В кругу, в котором автор вращался в детстве, названия Тифлис и Тбилиси имели одинаковое хождение. Круг был главным образом семейным, но и вне его вместо модернизированного Тбилиси часто звучало старорежимное Тифлис. От чего автору было ни холодно, ни жарко – но всегда становилось тепло.
Тепло шло от влюбленной в этот город тети Сони, к который мы с сестрой приезжали на школьные каникулы, чтобы, вернувшись в Армению, ждать ее у себя. Но в Ереване она бывала нечасто, а на вопрос, почему, родители объясняли: "Ваша тетя в Тифлисе очень нужный человек, без нее там никак". Отсюда подробнее.
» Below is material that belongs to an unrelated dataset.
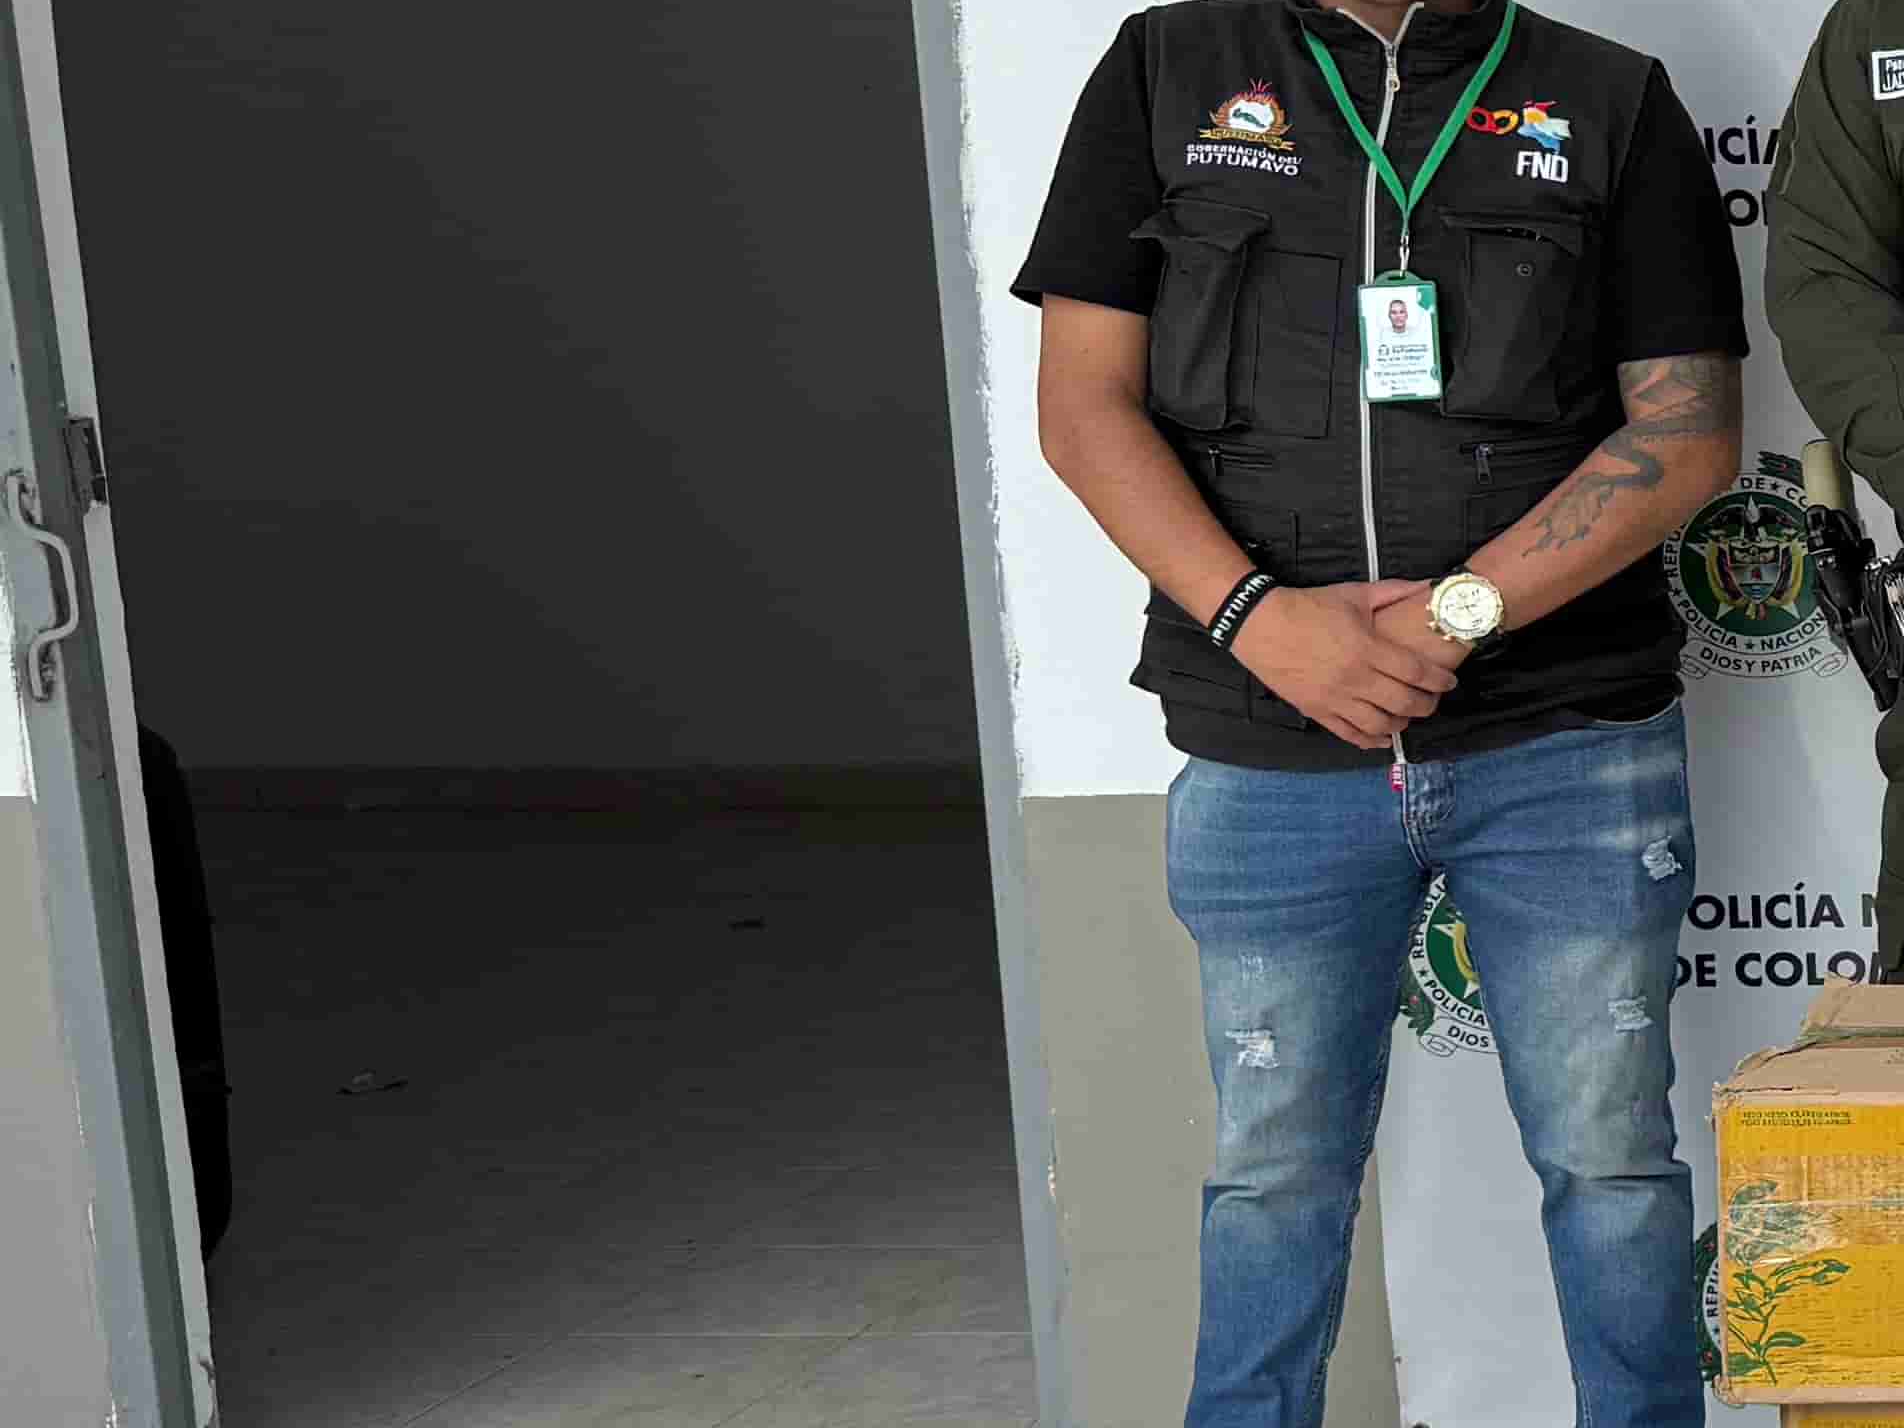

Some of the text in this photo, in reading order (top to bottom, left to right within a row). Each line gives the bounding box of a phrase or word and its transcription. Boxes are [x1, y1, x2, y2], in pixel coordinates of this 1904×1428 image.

[1187, 152, 1299, 176] PUTUMAYO
[1516, 151, 1569, 183] FND
[1687, 882, 1841, 933] OLICÍA
Тетя Соня была единственной в городе женщиной-фотографом, которую знал "весь Тбилиси", точно так, как она, по ее словам, знала в Тбилиси всех. Те, которые знали тетю Соню лучше других, чаще всего ходили по Плехановскому проспекту и прилегающим к нему улицам – здесь в одном из дворов находилось ее рабочее место.
Каждое утро она приходила сюда, вешала на стенку "задник" неопределенного окраса (так называемый "нейтральный фон"), приносила стул (когда надо, несколько), водружала на треногу допотопный по нынешним временам фотографический аппарат и ждала первых клиентов.
Клиентов было много. К тому времени, когда тетя Соня собралась на пенсию, сделанные за три с лишним десятилетия черно-белые снимки с автографом "Фото Саинян" разлетелись по тысячам семейных альбомов, внеся свой вклад в летопись города Тбилиси. А если знать, что каждым летом тетя Соня уезжала со своей бандурой на заработки в курортное Бахмаро, то можно брать и шире.
Альбомов на домашней полке теперь почти никто не держит – все в планшетах и телефонах, что, может быть, и удобно, но… Фотоальбомы, согласитесь, совсем другое. Их перелистывают не спеша, снимки рассматривают без суеты, увлекаясь и увлекая в их историю других. Они будят память, а, бывает, и совесть.
Из Льва Рубинштейна, поэта и публициста: "Инерция семейных альбомов очень сильна. Кого бы мы ни увидели на этих снимках, все они – наши родственники, друзья, знакомые, знакомые знакомых, друзья друзей и родственники родственников. Все лица, включая лица официальные, поселились в нашем доме, в нашем альбоме. Листание домашнего фотоальбома – своего ли чужого – это занятие неизменно медиативное и умиротворяющее".
В этом смысле моя тбилисская тетушка свое дело сделала.
К так называемым "кабинетным фото" относилась скептически, утверждая, что отделанные лепниной ателье, софиты и якобы облагораживающая портрет ретушь со световыми эффектами заодно искажают правду жизни, делая лица одинаковыми по форме и похожими по содержанию.
– А разве у тебя не так? – спрашивал я свою тетю.
– Ничего подобного, – объясняла она. – Ко мне не приходят, ко мне заглядывают. Под настроение, на ходу, экспромтом, просто так. Почти всегда, компанией, чаще всего веселой. Зашли на минутку, сфотографировались на память, ушли. Настроение, чувства – все на лице, чтоб потом – на снимке. Разницу между "фото-минутка" и ателье усекаешь?
Спустя годы автор понял и другое, поважнее: тетя Соня очень хотела влюбить нас в Тбилиси. Шла к цели верным и самым простым путем – делала так, чтобы при слове "Тбилиси" у нас текли слюнки. Получилось. С этим что в старом Тифлисе, что в нынешнем Тбилиси без проблем. Детям – фуникулер, мороженое-пирожное с водами Лагидзе, взрослым — хачапури, джонджоли, сациви, хинкали…
Дальше – продуманная в деталях культурная программа: танцевальный ансамбль Сухишвили-Рамишвили, посещение оперного театра, затем русского театра имени Грибоедова с надолго запомнившейся Натальей Бурмистровой. Ну и, конечно, футбол, где, болея за "Динамо", тетя Соня отчаянно свистела, выражая на сочном грузинском сленге свое душевное отношение к затиравшему хозяев поля судье. На матчи с участием ереванского "Арарата" политкорректная тетя Соня не ходила, а за кого болела в душе, осталось тайной.
…Прошло много лет. Тети Сони уже нет, а любовь к Тбилиси осталась. Наверное, в него можно было влюбиться и самостоятельно, но с тетей Соней почему-то получилось лучше. Крепко и навсегда.